Segment Start: Provided records

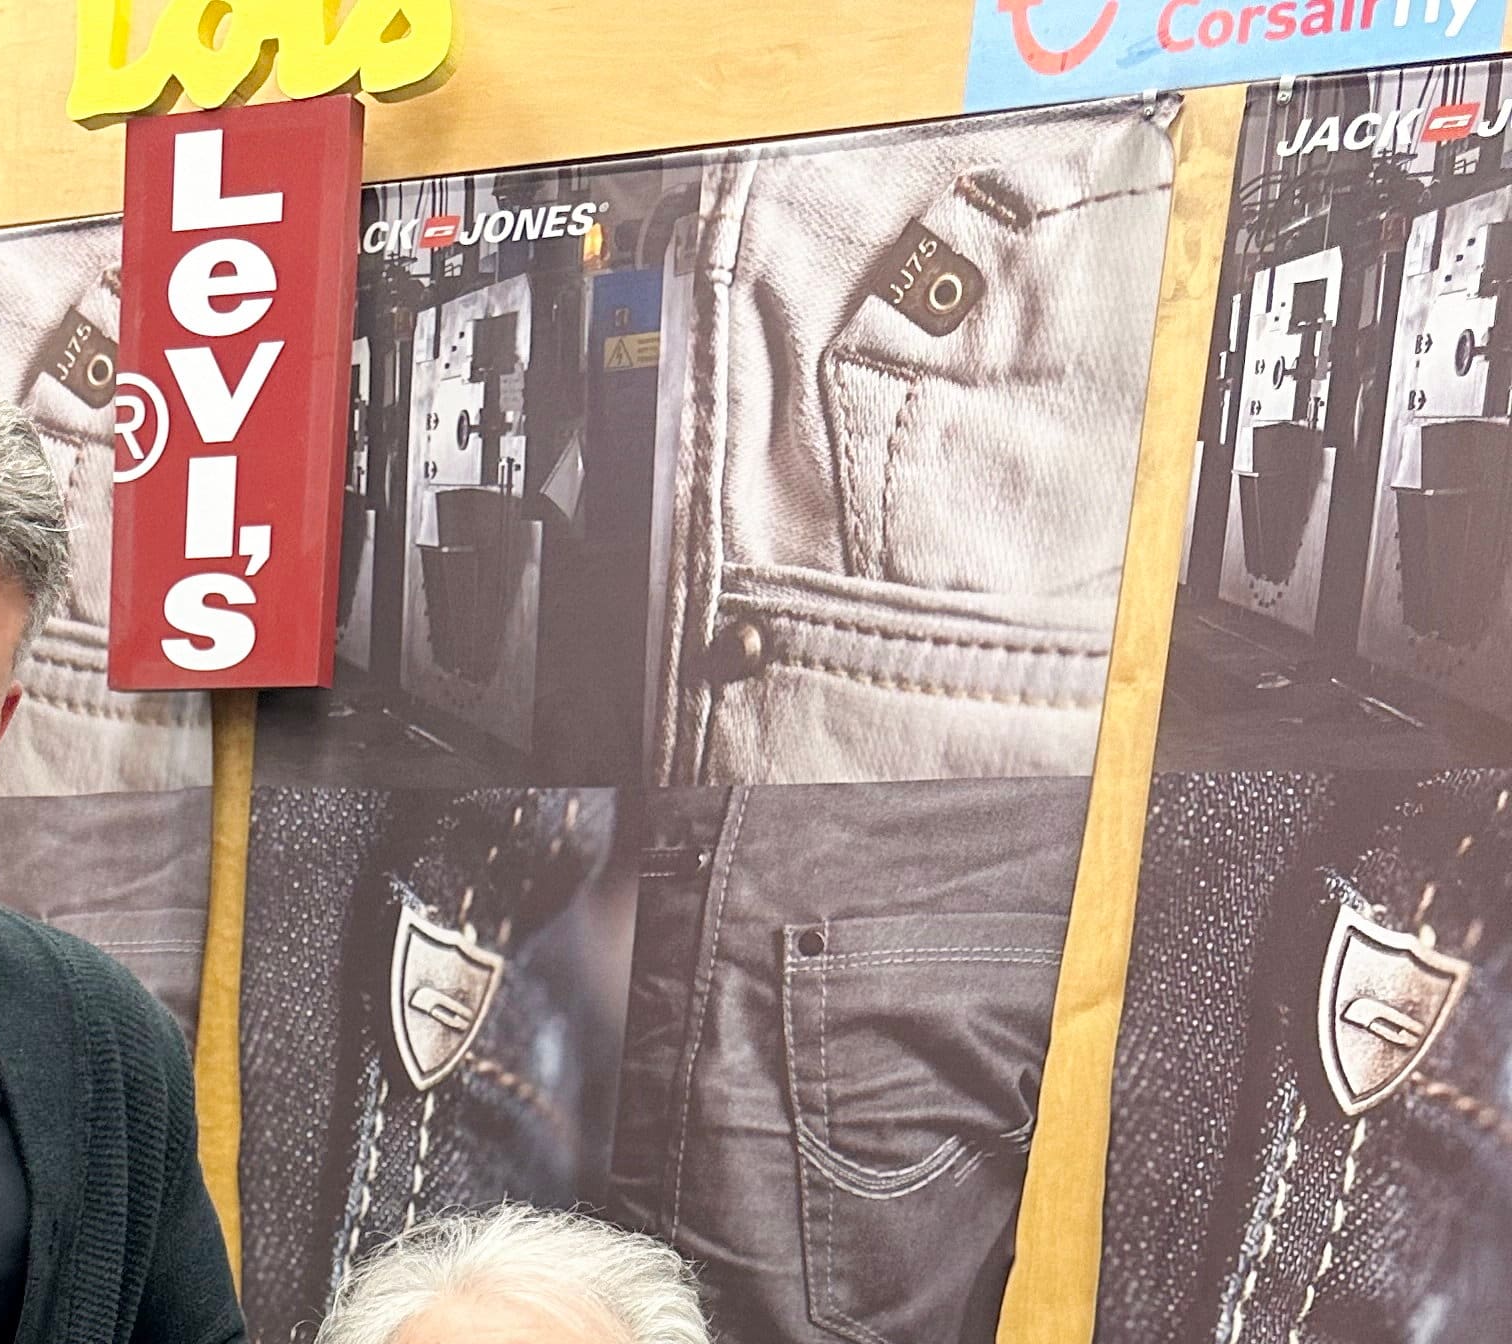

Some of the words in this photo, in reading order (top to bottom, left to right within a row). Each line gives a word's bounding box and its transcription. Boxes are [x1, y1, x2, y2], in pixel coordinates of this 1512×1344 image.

[1276, 106, 1425, 158] JACK
[357, 217, 420, 254] CK
[459, 201, 599, 246] JONES
[889, 238, 938, 304] JJ75

Segment End: Provided records

Write out the records word for word. Pictures stay out.

--- Response box ---
Some of the words in this photo, in reading order (top to bottom, left to right within a row). Each line gives a word's bounding box and its transcription. Boxes are [x1, y1, x2, y2], in pixel coordinates of this 1512×1344 image.

[1276, 106, 1425, 158] JACK
[357, 217, 420, 254] CK
[459, 201, 599, 246] JONES
[889, 238, 938, 304] JJ75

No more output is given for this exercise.